— Exercise details —
All records must be quoted exactly. Omit the pictures.

— Supplied entries —
Content starts

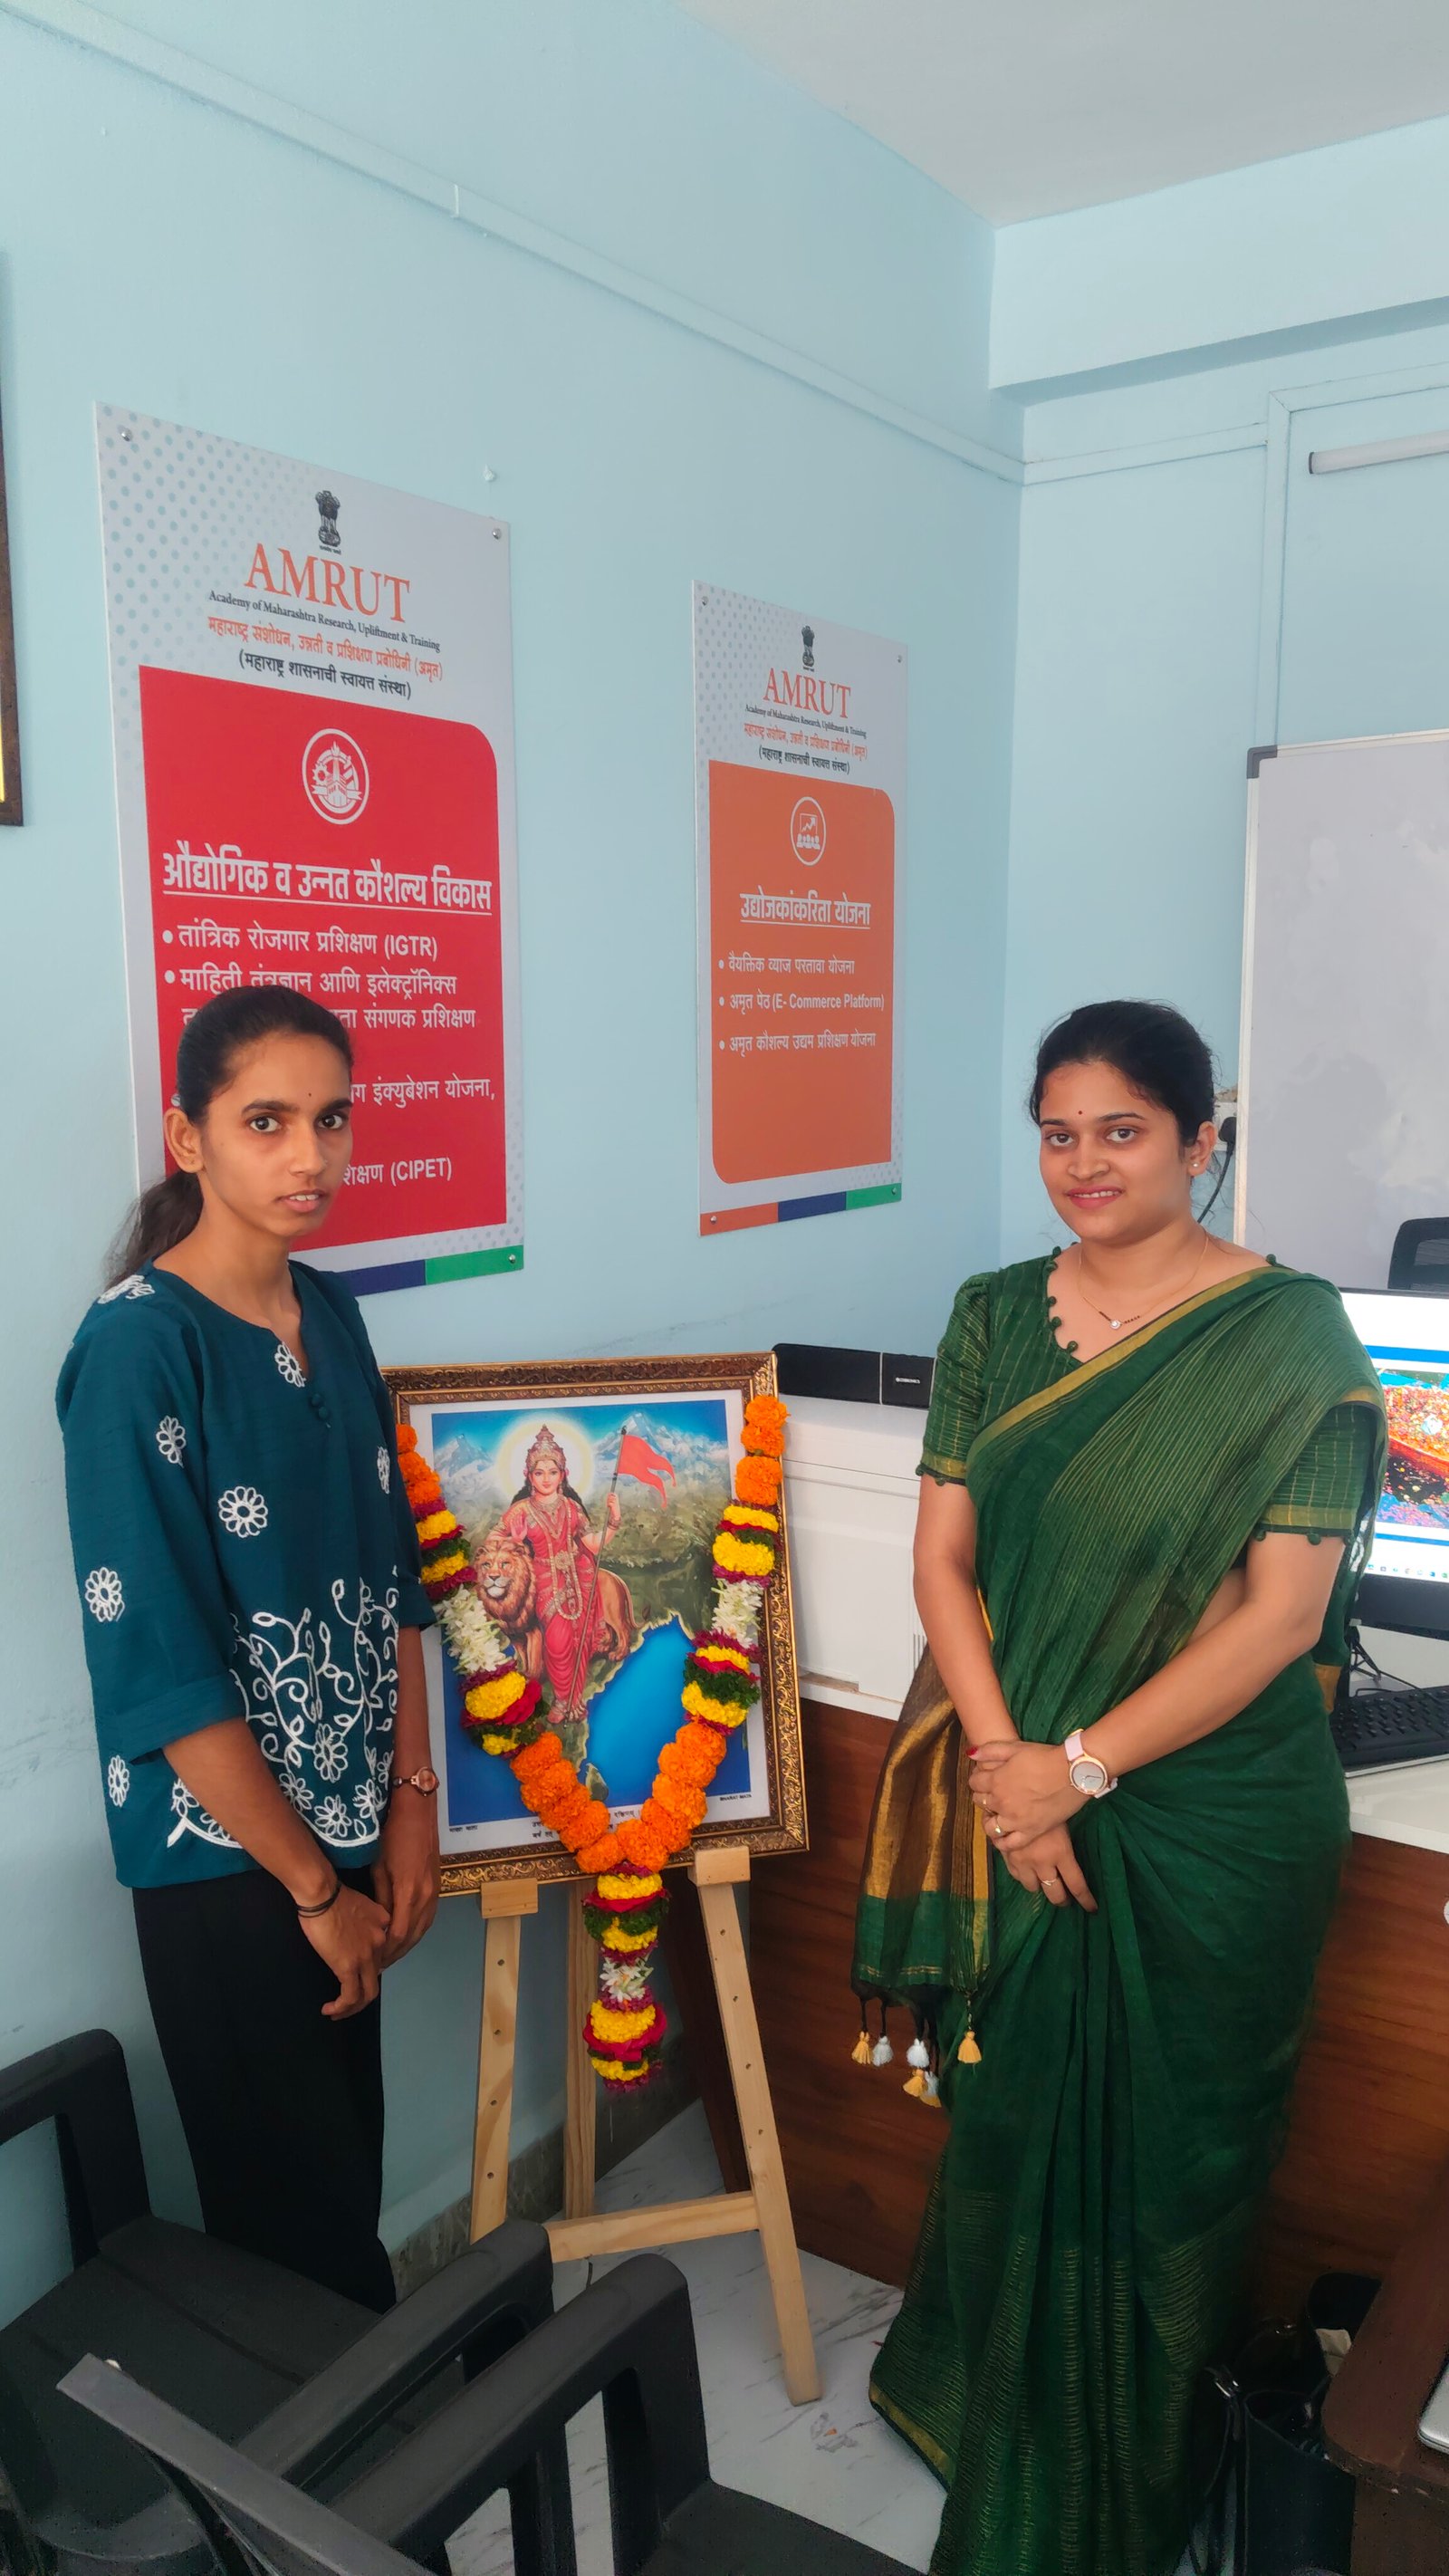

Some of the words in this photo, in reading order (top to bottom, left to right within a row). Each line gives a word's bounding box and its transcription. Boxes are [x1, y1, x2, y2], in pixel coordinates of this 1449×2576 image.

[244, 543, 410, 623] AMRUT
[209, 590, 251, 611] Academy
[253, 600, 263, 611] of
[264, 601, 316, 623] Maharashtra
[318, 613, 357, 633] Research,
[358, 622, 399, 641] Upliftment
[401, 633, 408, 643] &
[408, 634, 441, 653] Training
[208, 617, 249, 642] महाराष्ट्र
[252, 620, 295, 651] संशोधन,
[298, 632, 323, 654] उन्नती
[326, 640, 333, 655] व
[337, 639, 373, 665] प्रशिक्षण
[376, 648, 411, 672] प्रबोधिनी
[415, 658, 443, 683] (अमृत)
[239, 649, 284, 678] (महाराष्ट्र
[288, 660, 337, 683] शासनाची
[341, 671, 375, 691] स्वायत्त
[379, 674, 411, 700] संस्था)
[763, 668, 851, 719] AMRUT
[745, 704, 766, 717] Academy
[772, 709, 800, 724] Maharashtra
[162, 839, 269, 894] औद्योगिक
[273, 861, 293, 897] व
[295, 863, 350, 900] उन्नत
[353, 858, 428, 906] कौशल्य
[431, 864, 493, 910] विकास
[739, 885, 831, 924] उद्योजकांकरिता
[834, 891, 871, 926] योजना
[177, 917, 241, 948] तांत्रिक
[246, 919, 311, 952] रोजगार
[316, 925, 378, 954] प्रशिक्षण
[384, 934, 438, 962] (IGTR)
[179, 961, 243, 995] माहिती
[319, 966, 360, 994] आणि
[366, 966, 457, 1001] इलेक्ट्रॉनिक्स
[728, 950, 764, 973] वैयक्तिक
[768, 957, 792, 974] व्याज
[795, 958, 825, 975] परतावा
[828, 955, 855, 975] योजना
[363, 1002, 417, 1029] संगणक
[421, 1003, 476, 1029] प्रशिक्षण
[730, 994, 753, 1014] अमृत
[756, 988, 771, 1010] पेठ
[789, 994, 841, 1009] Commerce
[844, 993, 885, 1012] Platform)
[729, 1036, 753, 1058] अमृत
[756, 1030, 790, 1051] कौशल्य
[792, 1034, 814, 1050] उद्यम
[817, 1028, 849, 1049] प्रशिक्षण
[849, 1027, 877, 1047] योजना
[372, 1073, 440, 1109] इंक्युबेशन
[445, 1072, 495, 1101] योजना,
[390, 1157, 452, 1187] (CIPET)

Content ends

— Task response —
Some of the words in this photo, in reading order (top to bottom, left to right within a row). Each line gives a word's bounding box and its transcription. Boxes are [x1, y1, x2, y2], in pixel coordinates of this 1449×2576 image.

[244, 543, 410, 623] AMRUT
[209, 590, 251, 611] Academy
[253, 600, 263, 611] of
[264, 601, 316, 623] Maharashtra
[318, 613, 357, 633] Research,
[358, 622, 399, 641] Upliftment
[401, 633, 408, 643] &
[408, 634, 441, 653] Training
[208, 617, 249, 642] महाराष्ट्र
[252, 620, 295, 651] संशोधन,
[298, 632, 323, 654] उन्नती
[326, 640, 333, 655] व
[337, 639, 373, 665] प्रशिक्षण
[376, 648, 411, 672] प्रबोधिनी
[415, 658, 443, 683] (अमृत)
[239, 649, 284, 678] (महाराष्ट्र
[288, 660, 337, 683] शासनाची
[341, 671, 375, 691] स्वायत्त
[379, 674, 411, 700] संस्था)
[763, 668, 851, 719] AMRUT
[745, 704, 766, 717] Academy
[772, 709, 800, 724] Maharashtra
[162, 839, 269, 894] औद्योगिक
[273, 861, 293, 897] व
[295, 863, 350, 900] उन्नत
[353, 858, 428, 906] कौशल्य
[431, 864, 493, 910] विकास
[739, 885, 831, 924] उद्योजकांकरिता
[834, 891, 871, 926] योजना
[177, 917, 241, 948] तांत्रिक
[246, 919, 311, 952] रोजगार
[316, 925, 378, 954] प्रशिक्षण
[384, 934, 438, 962] (IGTR)
[179, 961, 243, 995] माहिती
[319, 966, 360, 994] आणि
[366, 966, 457, 1001] इलेक्ट्रॉनिक्स
[728, 950, 764, 973] वैयक्तिक
[768, 957, 792, 974] व्याज
[795, 958, 825, 975] परतावा
[828, 955, 855, 975] योजना
[363, 1002, 417, 1029] संगणक
[421, 1003, 476, 1029] प्रशिक्षण
[730, 994, 753, 1014] अमृत
[756, 988, 771, 1010] पेठ
[789, 994, 841, 1009] Commerce
[844, 993, 885, 1012] Platform)
[729, 1036, 753, 1058] अमृत
[756, 1030, 790, 1051] कौशल्य
[792, 1034, 814, 1050] उद्यम
[817, 1028, 849, 1049] प्रशिक्षण
[849, 1027, 877, 1047] योजना
[372, 1073, 440, 1109] इंक्युबेशन
[445, 1072, 495, 1101] योजना,
[390, 1157, 452, 1187] (CIPET)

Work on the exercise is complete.